Taking Stock of Dockless Bike-Share in Seattle

Photo: City of Seattle
Photo: City of Seattle

The most interesting experiment with dockless bike-share in an American city right now is happening in Seattle. After its publicly-funded bike-share system, Pronto, went kaput without ever scaling up to significant size, last year three bike-share start-ups — Lime, Spin, and Ofo — introduced a combined fleet of 10,000 bikes in the city.

Seattle and Dallas are the only two American cities with dockless bike-share fleets of at least 10,000 bicycles. And only Seattle has the beginnings of a decent bike network and relatively high bicycling rates for the U.S. For these reasons, it’s an interesting test case for the dockless bike-share services.

With the City Council preparing to grant long-term permits to the companies, Seattle DOT put together a summary of how they’ve performed so far [PDF].

Unfortunately, the trip data only covers the period from July through December. That raises some red flags. Bike-share trip data is easy to compile and share, so why are the five most recent months not included?

The available data shows that by their sheer volume of bikes, the dockless services are outperforming the tiny Pronto system. And in a survey, about a third of Seattle residents said they had given the bikes a try, which held steady regardless of race.

But the bikes aren’t used as intensely as station-based bike-share systems of equivalent size. The average bike-share bike in Seattle is used for 0.85 trips each day. That’s less than half the rate of Chicago’s Divvy, which gets more trips out of 5,800 bikes than Seattle is getting out of 10,000 bikes. New York’s Citi Bike, with 12,000 bikes, produced an average of 51,800 daily trips from July through December, more than five times the rate in Seattle.

Still, compared to Pronto and other small station-based systems — which is all most American cities have been able to muster — the dockless services are doing well. Patrick Taylor at the Urbanist writes that he’s come to rely on them:

As an frequent bike rider who lives in Southeast Seattle, works in Central Seattle and spend a fair amount of time in North Seattle I have seen the growth of floating bikeshare in all parts of the city and witnessed it becoming an integral part of my own transportation. One of the most satisfying things for me to see is how often it is used by people in my neighborhood of Othello, which is not the most bike-friendly part of the city. I just opened the Lime app and there are seven bikes within a few blocks of me, including three e-bikes. In my experience it seems like it has increased the number of people on bikes and the types of people (by which I mean not spandex warriors, Day-Glo commuters, bike punks, or the usual suspects).

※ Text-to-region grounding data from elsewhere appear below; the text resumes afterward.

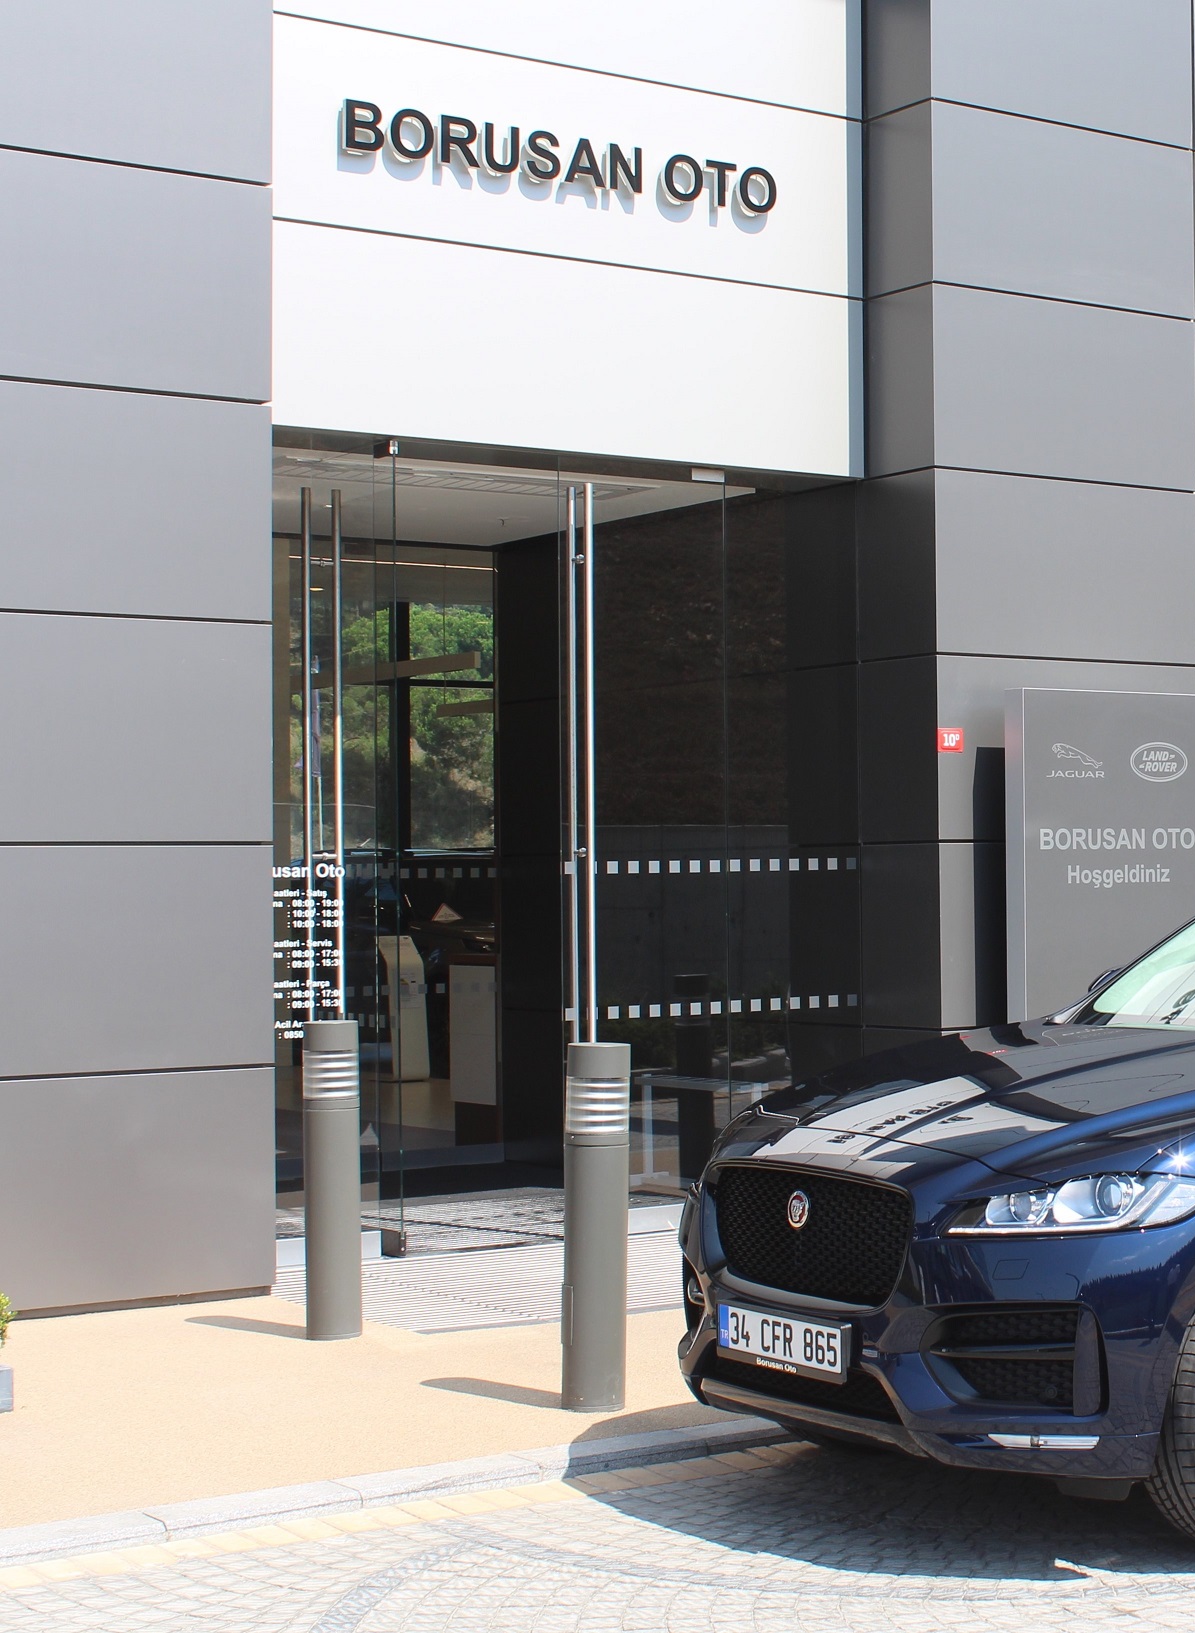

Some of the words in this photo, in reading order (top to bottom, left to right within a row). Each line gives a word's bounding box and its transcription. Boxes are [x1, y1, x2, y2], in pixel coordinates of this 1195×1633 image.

[343, 98, 643, 194] BORUSAN
[662, 153, 778, 214] OTO
[1142, 750, 1169, 761] LAND
[1144, 761, 1178, 773] ROVER
[1046, 770, 1105, 779] JAGUAR
[1039, 828, 1146, 850] BORUSAN
[1152, 827, 1195, 849] OTO
[315, 863, 346, 878] Oto
[1067, 864, 1171, 889] Hoşgeldiniz
[274, 1020, 291, 1028] Acil
[292, 1020, 304, 1028] Ar
[284, 1031, 304, 1039] 0850
[720, 1328, 729, 1340] TR
[730, 1312, 751, 1348] 34
[761, 1318, 793, 1358] CFR
[803, 1327, 838, 1368] 865
[756, 1357, 784, 1371] Borusan
[784, 1363, 797, 1374] Oto

In China, dockless bike-share companies have increased bicycling mode share by flooding cities with hundreds of thousands of bikes. Seattle isn’t close to that volume, and the city’s bike-share manager told the Seattle Times in December that the companies aren’t looking to expand much more due to the cost of maintaining larger fleets.

But if the dockless fleets do get bigger, survey data suggests the public will welcome it. Despite all the headlines about bike clutter, 74 percent of survey respondents said they have a favorable opinion of the services.

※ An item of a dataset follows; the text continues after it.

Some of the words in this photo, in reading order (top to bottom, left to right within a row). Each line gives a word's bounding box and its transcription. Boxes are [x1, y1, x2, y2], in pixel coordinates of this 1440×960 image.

Another interesting takeaway: Few people are wearing helmets when they use bike-share, despite Seattle’s helmet law. The city reports that only 24 percent of bike-share riders used helmets, and preliminary data from a University of Washington study shows no increase in head injuries.

  • Larry Littlefield

    I suspect that Seattle doesn’t have as many barriers to bike ownership — parking, theft — as NYC. Thus those trying bike share are more likely to buy their own if they enjoy traveling by bike.

  • Scott

    Just a quick note, the helmet law is actually a King County provision. https://www.injurytriallawyer.com/faqs/is-there-a-helmet-law-in-seattle.cfm

  • Alec

    Just got back from Seattle. The Lime Bikes are janky AF – love the idea of the dockless bike but every other bike was broken in some way or wouldn’t unlock. Made me really appreciate Citibike.

  • meelar2

    The lack of trip intensity per bike doesn’t really bother me–after all, the 10,000th bike in a smaller city like Seattle is way more marginal than the 5800th bike in Chicago.

  • Fish

    We have different barriers (theft is definitely a huge one we share)..they are called hills and only 1 legit train line. Biking up the hill is a barrier for a lot of people but taking public transit up a hill and then a bikeshare down works well. Additionally, many people are using the bikes to get to our 1 train line or several “rapid” bus lines that are beyond walking distance for most people but work well with a bikeshare.

  • david reeves

    Thanks for this article. I’m all for rigorously taking stock of bikeshare. But a few comments:

    1) Why focus on rides per bike as the main metric for success? From the city’s perspective, it’s largely irrelevant; what the city should care about is total number of trips. And in a dockess system with low-cost bikes, it’s a good thing to have more bikes than you need, because the availability of open docking spaces doesn’t matter anymore. Let’s look at the density of bikes relative to the population:
    Seattle has one bike for every 70 residents;
    NYC has one bike for every 700 new yorkers.
    Chicago has one bike for every 482 chicagoans.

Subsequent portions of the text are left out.